Validée au CSE… mais déjà piétinée par la Direction
Le 20 juin 2025, la charte d’utilisation de l’outil Permuteo a été présentée et validée en Comité Social d’Établissement. Un document structuré, contraignant, balisé de règles strictes qui ne laissent aucune place à l’interprétation : durée maximale de travail, obligation de repos, conditions d’accès, exclusions précises, sanctions en cas de non-respect...
Sauf que, dans les faits, cette charte n’a de valeur que pour les agents.
Car lorsque les règles deviennent un obstacle pour la Direction ou pour certains cadres, elles sont alors librement réinterprétées, voire tout bonnement écartées.
La règle pour vous, l’exception pour eux ?
Cette situation illustre un dysfonctionnement devenu systémique : la règle ne vaut que dans un sens.
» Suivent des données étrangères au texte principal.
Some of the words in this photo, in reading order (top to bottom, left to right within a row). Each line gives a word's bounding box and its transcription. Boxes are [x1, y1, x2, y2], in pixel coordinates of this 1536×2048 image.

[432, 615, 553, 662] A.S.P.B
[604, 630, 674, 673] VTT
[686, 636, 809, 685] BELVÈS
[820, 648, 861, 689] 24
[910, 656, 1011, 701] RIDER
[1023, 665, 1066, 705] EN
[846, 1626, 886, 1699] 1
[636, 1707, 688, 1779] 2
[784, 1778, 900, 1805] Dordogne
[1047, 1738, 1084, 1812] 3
Lorsqu’un agent commet une erreur de planning, il reçoit un rappel à l’ordre, voire est exclu de Permuteo.
Mais lorsqu’un cadre valide une mission hors délai ou en dehors du cadre légal ? Silence radio.
Pourquoi valider une charte en CSE si c’est pour en modifier l’application de façon unilatérale ?
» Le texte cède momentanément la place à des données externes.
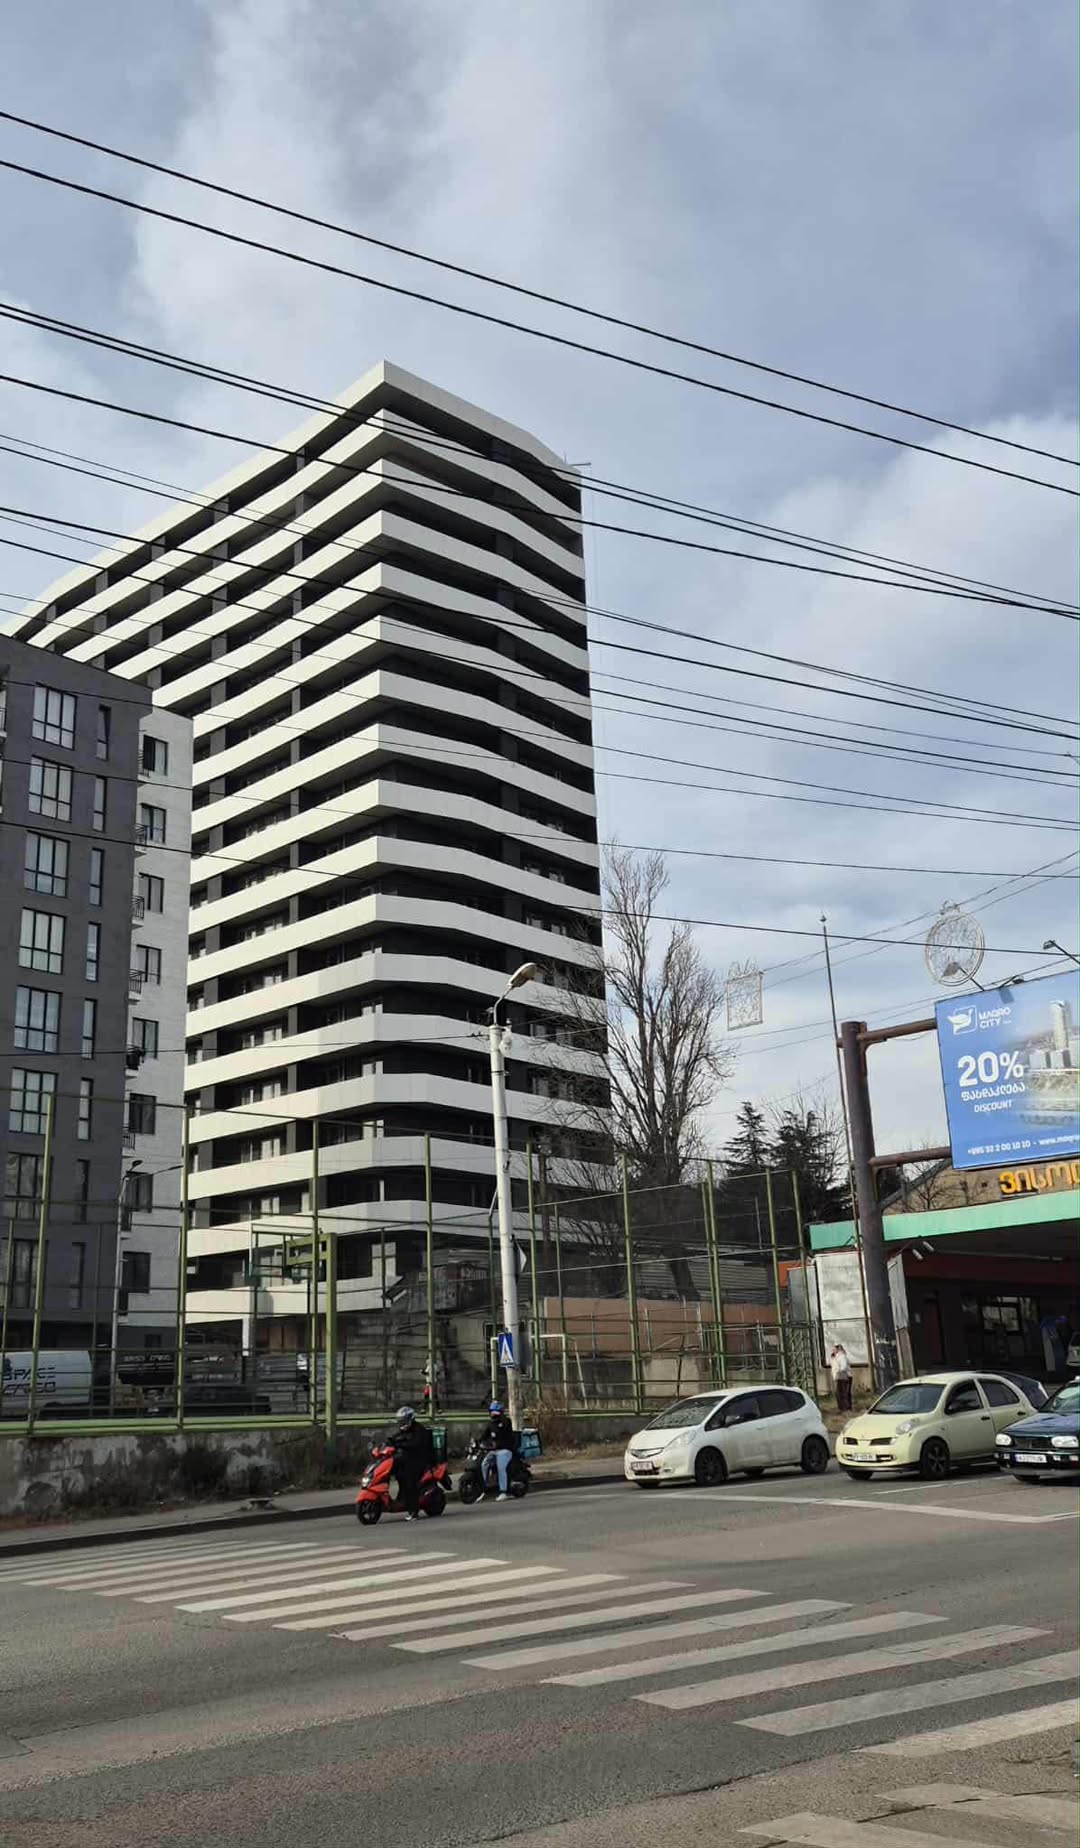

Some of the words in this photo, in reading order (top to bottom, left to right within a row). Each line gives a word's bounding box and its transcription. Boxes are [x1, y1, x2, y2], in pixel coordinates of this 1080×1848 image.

[979, 1018, 1001, 1029] CITY
[958, 1050, 1024, 1087] 20%
[961, 1082, 1026, 1102] ფასდაკლება
[974, 1100, 1013, 1112] DISCOUNT
FO Santé HMV dénonce un double discours inacceptable. La charte devient un outil de contrôle pour les agents, mais un simple "guide" pour la direction, que l'on adapte selon les circonstances et les intérêts.
L’encadrement : entre marteau et enclume
Il faut aussi dire la vérité : si certains encadrants cherchent des stratagèmes, ce n’est pas par volonté de contourner les règles, mais parce qu’ils n’ont pas les moyens suffisants pour faire tourner les services faute à une politique de remplacement déconnectée de la réalité.
Quand il manque du personnel, quand les absences s'accumulent, l'encadrement se retrouve seul, sous pression, sommé de garantir la continuité des soins sans les ressources humaines nécessaires.
Ce sont nos collègues, et ils doivent trop souvent jongler entre loyauté hiérarchique, responsabilités managériales et respect du droit du travail.
Ils doivent garder la tête haute, souvent seuls face aux injonctions paradoxales.
C’est pourquoi FO Santé HMV appelle à soutenir l’encadrement, et à ne pas les rendre responsables d’un système qui les expose autant que les agents.
Agents publics… donc joignables à tout moment ?
Lors des groupes de travail sur les Lignes Directrices de Gestion (LDG), certaines directions osent encore affirmer que, parce que nous sommes agents de la Fonction Publique, nous devons accepter d’être dérangés y compris pendant nos repos.
Pendant ce temps-là, les directions, quand elles ne sont pas d’astreinte, restent injoignables sans que cela ne pose problème à personne.
Ce manque flagrant d’exemplarité, ce mépris pour le droit au repos, cette stratégie du deux poids deux mesures, expliquent largement le ras-le-bol généralisé au sein des HMV.
Respectez la loi, respectez vos agents
Trop, c’est trop. FO Santé HMV exige :
- Que les chartes validées en CSE soient strictement respectées par toutes les parties, y compris la direction.
- Que les droits fondamentaux des agents soient protégés, notamment le droit au repos et à la déconnexion.
- Que les LDG ne deviennent pas un outil pour flexibiliser encore davantage les agents, au détriment de leur santé.
La loi s’applique à tout le monde, direction incluse.
Et s’il faut le rappeler haut et fort, FO Santé HMV s’en chargera.
En résumé
Une charte imposée aux agents mais modulable pour la direction
- Des LDG en préparation qui s’annoncent déjà à sens unique
- Des propos choquants sur la disponibilité des agents publics
- Un encadrement sacrifié par manque de moyens, qu’il faut soutenir
- Un profond mal-être au travail généré par l’absence de règles équitables
Ne demandez plus aux agents de faire des concessions, commencez par montrer l’exemple.